= WORK REQUIRED =
Your answer must repeat all of the entries word for word, without any images.
SOURCE DATA Block Start
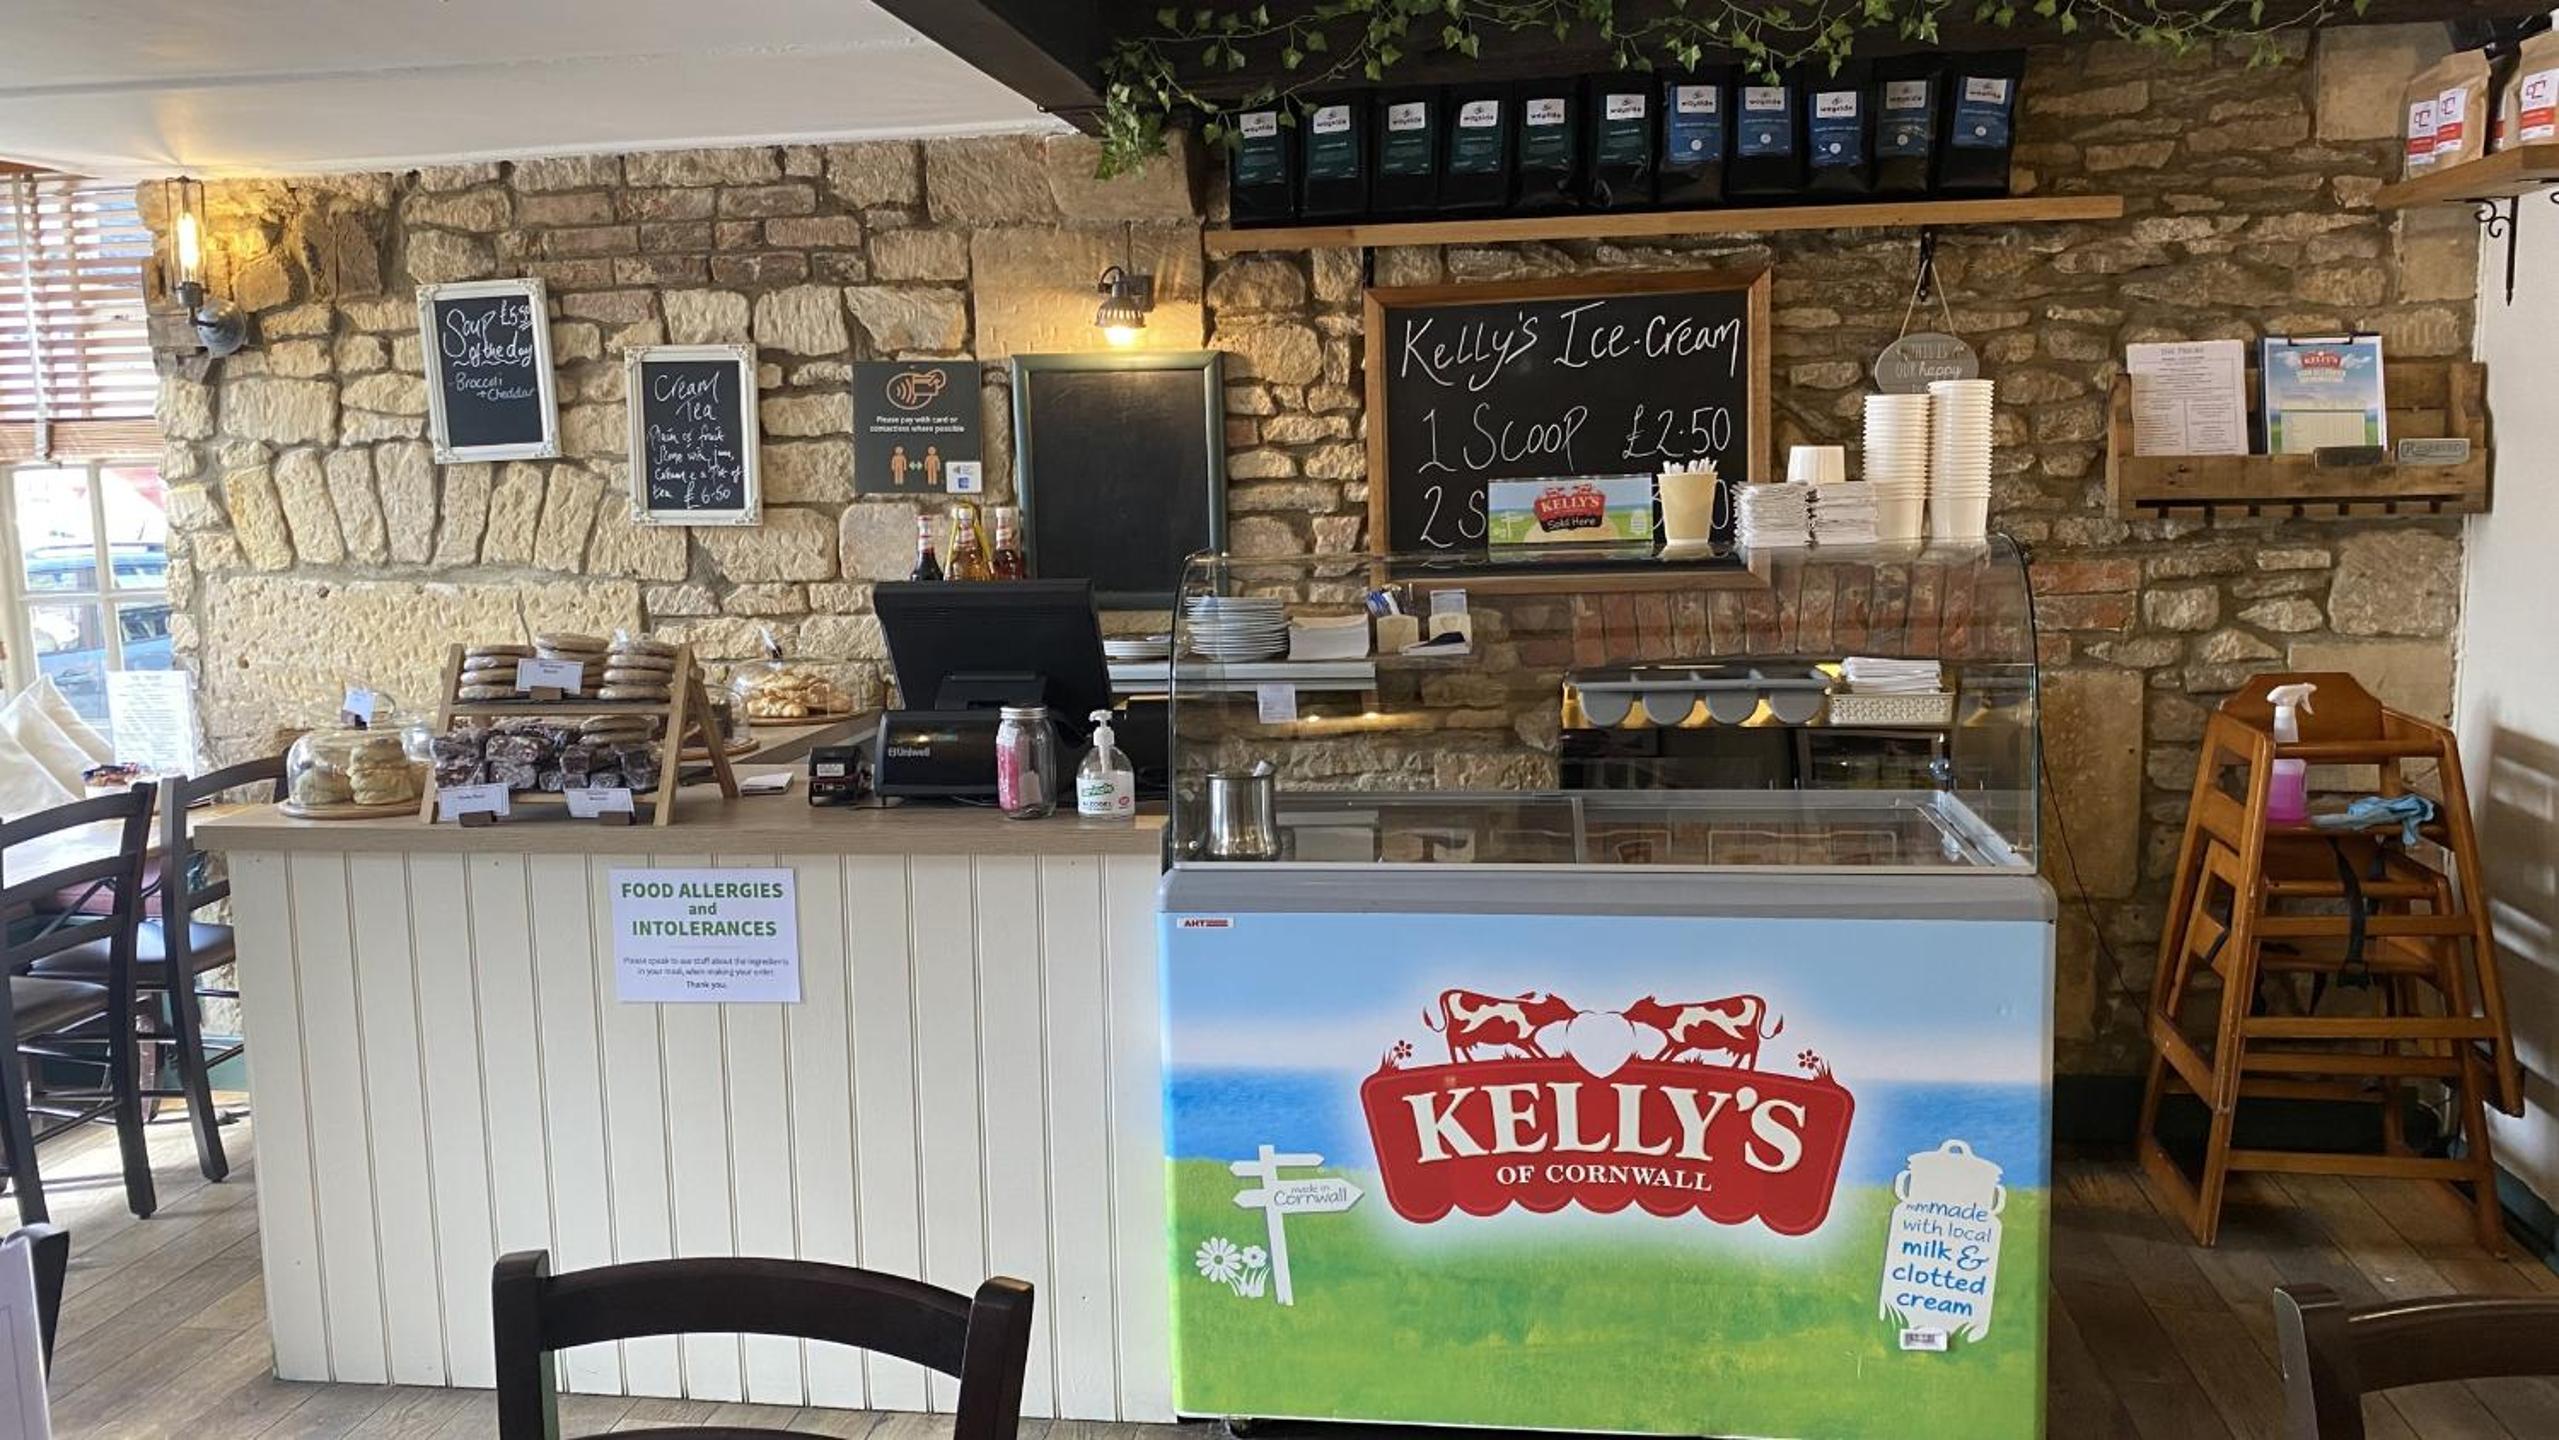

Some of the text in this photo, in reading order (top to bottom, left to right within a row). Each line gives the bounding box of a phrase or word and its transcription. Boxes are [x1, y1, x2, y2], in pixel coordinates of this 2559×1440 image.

[506, 330, 533, 368] day
[1401, 311, 1538, 392] Kelly's
[1918, 361, 1962, 380] happy
[455, 371, 503, 392] Broccoli
[675, 394, 717, 422] Tea
[900, 417, 913, 426] pay
[932, 416, 949, 424] card
[934, 426, 965, 434] possible
[1418, 408, 1457, 474] 1
[1622, 403, 1731, 460] £2.50
[1541, 495, 1600, 513] KELLY'S
[1420, 485, 1455, 548] 2
[1572, 517, 1597, 527] Here
[621, 882, 784, 898] FOOD ALLERGIES
[688, 902, 718, 916] and
[632, 920, 777, 936] INTOLERANCES
[623, 957, 647, 965] Please
[648, 957, 669, 966] speak
[693, 957, 710, 965] staff
[711, 957, 733, 965] about
[734, 957, 746, 965] the
[646, 969, 662, 977] your
[707, 968, 734, 978] making
[735, 969, 753, 977] your
[686, 980, 709, 989] Thank
[1403, 1081, 1805, 1174] KELLY'S
[1496, 1163, 1712, 1192] OF CORNWALL
[1273, 1187, 1347, 1206] Cornwall
[1903, 1219, 1992, 1243] with local
[1902, 1239, 1989, 1271] milk &
[1892, 1263, 1986, 1295] clotted
[1896, 1292, 1972, 1316] cream
SOURCE DATA Block End
= ANSWER TO THE EXERCISE =
Some of the text in this photo, in reading order (top to bottom, left to right within a row). Each line gives the bounding box of a phrase or word and its transcription. Boxes are [x1, y1, x2, y2], in pixel coordinates of this 2559×1440 image.

[506, 330, 533, 368] day
[1401, 311, 1538, 392] Kelly's
[1918, 361, 1962, 380] happy
[455, 371, 503, 392] Broccoli
[675, 394, 717, 422] Tea
[900, 417, 913, 426] pay
[932, 416, 949, 424] card
[934, 426, 965, 434] possible
[1418, 408, 1457, 474] 1
[1622, 403, 1731, 460] £2.50
[1541, 495, 1600, 513] KELLY'S
[1420, 485, 1455, 548] 2
[1572, 517, 1597, 527] Here
[621, 882, 784, 898] FOOD ALLERGIES
[688, 902, 718, 916] and
[632, 920, 777, 936] INTOLERANCES
[623, 957, 647, 965] Please
[648, 957, 669, 966] speak
[693, 957, 710, 965] staff
[711, 957, 733, 965] about
[734, 957, 746, 965] the
[646, 969, 662, 977] your
[707, 968, 734, 978] making
[735, 969, 753, 977] your
[686, 980, 709, 989] Thank
[1403, 1081, 1805, 1174] KELLY'S
[1496, 1163, 1712, 1192] OF CORNWALL
[1273, 1187, 1347, 1206] Cornwall
[1903, 1219, 1992, 1243] with local
[1902, 1239, 1989, 1271] milk &
[1892, 1263, 1986, 1295] clotted
[1896, 1292, 1972, 1316] cream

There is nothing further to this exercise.